#### About this task:
Nothing in the records may be altered, so transcribe them exactly.

(Stored data entries)
[Start of Attachment]
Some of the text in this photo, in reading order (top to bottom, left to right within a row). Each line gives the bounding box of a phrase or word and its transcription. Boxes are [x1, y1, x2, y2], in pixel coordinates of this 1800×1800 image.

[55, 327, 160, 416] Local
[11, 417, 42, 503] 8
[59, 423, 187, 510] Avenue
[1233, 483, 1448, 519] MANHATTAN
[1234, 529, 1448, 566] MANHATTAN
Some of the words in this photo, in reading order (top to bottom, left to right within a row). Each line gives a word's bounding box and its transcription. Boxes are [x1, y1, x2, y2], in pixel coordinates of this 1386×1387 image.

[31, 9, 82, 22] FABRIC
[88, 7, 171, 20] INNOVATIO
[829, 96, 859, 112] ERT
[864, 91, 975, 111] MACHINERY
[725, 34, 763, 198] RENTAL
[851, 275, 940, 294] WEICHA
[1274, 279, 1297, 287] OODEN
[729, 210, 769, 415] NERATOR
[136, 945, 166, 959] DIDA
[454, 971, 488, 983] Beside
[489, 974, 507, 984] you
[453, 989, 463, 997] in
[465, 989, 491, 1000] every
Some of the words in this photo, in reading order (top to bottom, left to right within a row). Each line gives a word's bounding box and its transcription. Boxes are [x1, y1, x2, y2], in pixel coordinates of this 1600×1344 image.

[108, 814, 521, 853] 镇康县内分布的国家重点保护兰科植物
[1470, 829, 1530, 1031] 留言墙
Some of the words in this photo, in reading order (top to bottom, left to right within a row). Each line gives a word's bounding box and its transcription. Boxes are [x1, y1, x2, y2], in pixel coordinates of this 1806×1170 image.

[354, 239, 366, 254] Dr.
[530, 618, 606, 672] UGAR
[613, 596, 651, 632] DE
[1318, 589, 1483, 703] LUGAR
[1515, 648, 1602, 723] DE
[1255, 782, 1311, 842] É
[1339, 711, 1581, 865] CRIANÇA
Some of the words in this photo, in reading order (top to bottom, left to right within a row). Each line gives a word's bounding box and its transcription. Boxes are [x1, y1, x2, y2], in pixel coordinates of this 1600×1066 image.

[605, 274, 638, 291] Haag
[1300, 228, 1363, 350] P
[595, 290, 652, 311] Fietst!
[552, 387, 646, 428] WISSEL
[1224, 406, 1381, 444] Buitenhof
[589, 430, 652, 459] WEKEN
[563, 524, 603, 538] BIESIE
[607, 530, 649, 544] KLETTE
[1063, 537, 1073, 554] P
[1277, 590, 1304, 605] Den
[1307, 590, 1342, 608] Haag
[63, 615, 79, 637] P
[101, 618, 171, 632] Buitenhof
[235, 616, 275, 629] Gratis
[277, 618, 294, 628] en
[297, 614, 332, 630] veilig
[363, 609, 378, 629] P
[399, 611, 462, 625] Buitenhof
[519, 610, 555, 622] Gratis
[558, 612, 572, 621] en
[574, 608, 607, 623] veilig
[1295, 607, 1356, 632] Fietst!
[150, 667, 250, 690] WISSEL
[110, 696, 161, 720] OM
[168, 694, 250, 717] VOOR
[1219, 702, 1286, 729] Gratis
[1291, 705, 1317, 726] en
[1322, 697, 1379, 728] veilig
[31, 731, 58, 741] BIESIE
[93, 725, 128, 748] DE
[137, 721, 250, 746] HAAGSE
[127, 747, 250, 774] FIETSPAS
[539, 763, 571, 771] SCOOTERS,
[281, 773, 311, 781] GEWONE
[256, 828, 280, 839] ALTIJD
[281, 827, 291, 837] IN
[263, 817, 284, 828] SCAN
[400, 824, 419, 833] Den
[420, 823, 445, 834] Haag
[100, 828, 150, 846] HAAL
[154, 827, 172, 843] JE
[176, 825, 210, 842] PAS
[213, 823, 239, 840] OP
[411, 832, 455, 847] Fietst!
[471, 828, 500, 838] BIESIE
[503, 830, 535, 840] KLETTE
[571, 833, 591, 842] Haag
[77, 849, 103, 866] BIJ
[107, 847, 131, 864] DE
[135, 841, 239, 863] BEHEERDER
[End of Attachment]
#### Response area:
Some of the text in this photo, in reading order (top to bottom, left to right within a row). Each line gives the bounding box of a phrase or word and its transcription. Boxes are [x1, y1, x2, y2], in pixel coordinates of this 1800×1800 image.

[55, 327, 160, 416] Local
[11, 417, 42, 503] 8
[59, 423, 187, 510] Avenue
[1233, 483, 1448, 519] MANHATTAN
[1234, 529, 1448, 566] MANHATTAN
Some of the words in this photo, in reading order (top to bottom, left to right within a row). Each line gives a word's bounding box and its transcription. Boxes are [x1, y1, x2, y2], in pixel coordinates of this 1386×1387 image.

[31, 9, 82, 22] FABRIC
[88, 7, 171, 20] INNOVATIO
[829, 96, 859, 112] ERT
[864, 91, 975, 111] MACHINERY
[725, 34, 763, 198] RENTAL
[851, 275, 940, 294] WEICHA
[1274, 279, 1297, 287] OODEN
[729, 210, 769, 415] NERATOR
[136, 945, 166, 959] DIDA
[454, 971, 488, 983] Beside
[489, 974, 507, 984] you
[453, 989, 463, 997] in
[465, 989, 491, 1000] every
Some of the words in this photo, in reading order (top to bottom, left to right within a row). Each line gives a word's bounding box and its transcription. Boxes are [x1, y1, x2, y2], in pixel coordinates of this 1600×1344 image.

[108, 814, 521, 853] 镇康县内分布的国家重点保护兰科植物
[1470, 829, 1530, 1031] 留言墙
Some of the words in this photo, in reading order (top to bottom, left to right within a row). Each line gives a word's bounding box and its transcription. Boxes are [x1, y1, x2, y2], in pixel coordinates of this 1806×1170 image.

[354, 239, 366, 254] Dr.
[530, 618, 606, 672] UGAR
[613, 596, 651, 632] DE
[1318, 589, 1483, 703] LUGAR
[1515, 648, 1602, 723] DE
[1255, 782, 1311, 842] É
[1339, 711, 1581, 865] CRIANÇA
Some of the words in this photo, in reading order (top to bottom, left to right within a row). Each line gives a word's bounding box and its transcription. Boxes are [x1, y1, x2, y2], in pixel coordinates of this 1600×1066 image.

[605, 274, 638, 291] Haag
[1300, 228, 1363, 350] P
[595, 290, 652, 311] Fietst!
[552, 387, 646, 428] WISSEL
[1224, 406, 1381, 444] Buitenhof
[589, 430, 652, 459] WEKEN
[563, 524, 603, 538] BIESIE
[607, 530, 649, 544] KLETTE
[1063, 537, 1073, 554] P
[1277, 590, 1304, 605] Den
[1307, 590, 1342, 608] Haag
[63, 615, 79, 637] P
[101, 618, 171, 632] Buitenhof
[235, 616, 275, 629] Gratis
[277, 618, 294, 628] en
[297, 614, 332, 630] veilig
[363, 609, 378, 629] P
[399, 611, 462, 625] Buitenhof
[519, 610, 555, 622] Gratis
[558, 612, 572, 621] en
[574, 608, 607, 623] veilig
[1295, 607, 1356, 632] Fietst!
[150, 667, 250, 690] WISSEL
[110, 696, 161, 720] OM
[168, 694, 250, 717] VOOR
[1219, 702, 1286, 729] Gratis
[1291, 705, 1317, 726] en
[1322, 697, 1379, 728] veilig
[31, 731, 58, 741] BIESIE
[93, 725, 128, 748] DE
[137, 721, 250, 746] HAAGSE
[127, 747, 250, 774] FIETSPAS
[539, 763, 571, 771] SCOOTERS,
[281, 773, 311, 781] GEWONE
[256, 828, 280, 839] ALTIJD
[281, 827, 291, 837] IN
[263, 817, 284, 828] SCAN
[400, 824, 419, 833] Den
[420, 823, 445, 834] Haag
[100, 828, 150, 846] HAAL
[154, 827, 172, 843] JE
[176, 825, 210, 842] PAS
[213, 823, 239, 840] OP
[411, 832, 455, 847] Fietst!
[471, 828, 500, 838] BIESIE
[503, 830, 535, 840] KLETTE
[571, 833, 591, 842] Haag
[77, 849, 103, 866] BIJ
[107, 847, 131, 864] DE
[135, 841, 239, 863] BEHEERDER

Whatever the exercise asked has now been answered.